Science and art have very different objectives, how do I find the equilibrium between communicating science and making an experience for an audience?

As my residency passes the halfway point, the work in progress event was an excellent opportunity to share and discuss my thoughts and ideas – a huge thank you to everyone who came along for their input, interest and enthusiasm. The discussion focussed on the importance of narrative and poetry in any outcome, carefully considering the balance between science communication and artistic interpretation. Can art ever be directly about science? Or is it more about human experience, not prettifying or producing propaganda for science but offering an alternative way of seeing?

The solar wind has a story – it begins at the sun, streaming off in all directions and filling every millimetre of space between the planets of our solar system, sometimes fast and sometimes slow, forever changing, invisible. To try and give this some context, the space probe Voyager 1 began to record weaker solar wind readings last year that suggested it was nearing the edge of our solar system, a staggering 35 years after its launch. Although we sometimes experience the solar wind visually on earth through the aurora, its effects are much more far-reaching. But if my only visual reference of the solar wind is the aurora, how can an artwork attempt to compete with the sublime beauty of this natural phenomena? And should it even try?

So I’ve found myself moving further away from projection and light as my material language, and looking more deeply into the potential of a sonic experience to give life to my data. And although I can sit and dream of spaces that sing and resonate with the speed and density of the solar wind, I am not a sound artist and I am wondering how achievable this will be within the remainder of my residency.

To try and give some form to my thinking I’ve been attempting to draw the varying scales of sound experience, imagining how a series of resonating tubes can ripple and flow under the influence of a magnetic field, going up the musical scale to communicate the speed, and the density being communicated through the number of tubes sounding at once. But what sort of scale, density and layout should the form itself take?

These crude sketches probably show that it’s difficult to give form to a sound that you cannot hear, so this week I’m going to start composing with musician and sound designer Andy Spaceland to work the other way around, and see what suggestions towards form the sound itself can influence.

There are so many questions about the selection of notes and chords and the way that these can represent data, and my research into this has led me to the music of the spheres; the philosophical concept that the mathematic proportions in the movements of the planets can be expressed as a form of music. I’ve only tiptoed over the subject but have found this beautiful visualisation by White Vinyl Design that has been enchanting me for the past week. It’s strangely hypnotic and it has an effect on me that I’d like to achieve with my data. I’ll happily wait for Pluto to make its orbit after 248 Earth years but then I can see it slowly moving – what happens when you can’t predict when the sound will occur?

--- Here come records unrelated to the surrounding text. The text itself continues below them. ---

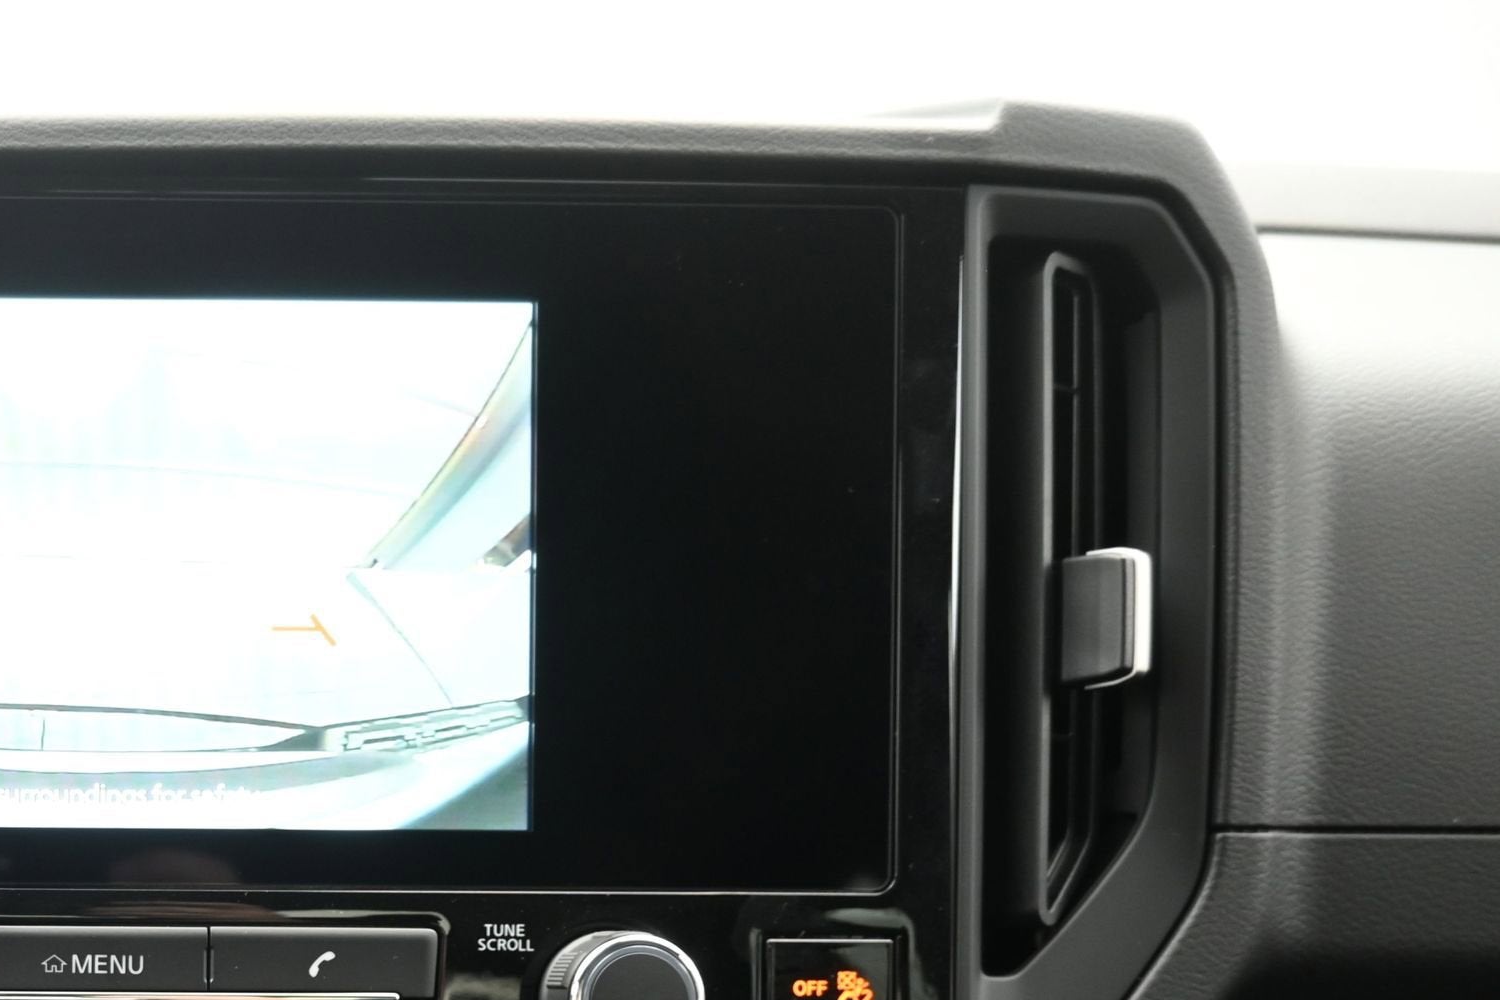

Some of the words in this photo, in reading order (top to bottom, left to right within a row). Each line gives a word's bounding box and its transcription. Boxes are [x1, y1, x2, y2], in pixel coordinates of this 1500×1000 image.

[149, 782, 188, 804] for
[484, 923, 526, 937] TUNE
[477, 938, 535, 952] SCROLL
[71, 953, 145, 975] MENU
[792, 979, 829, 997] OFF

As a designer that has previously worked with nature, I am well aware of the unpredictability that is inherent in the subject matter, and a conversation with Dr Lucie Green, space scientist at MSSL, reinforced these random characteristics within the solar data that I am aiming to work with. I perhaps rather naively thought that science had a definite, that I could make really precise links between my data and the triggering of geomagnetic storms and aurora, but once again nature behaves in mysterious ways. I’m currently considering ways to balance this unpredictability with the definite required in triggering any outcome. I’m back to the question from my work in progress meeting, how scientifically rigorous am I aiming to be and where are the limits of artistic interpretation?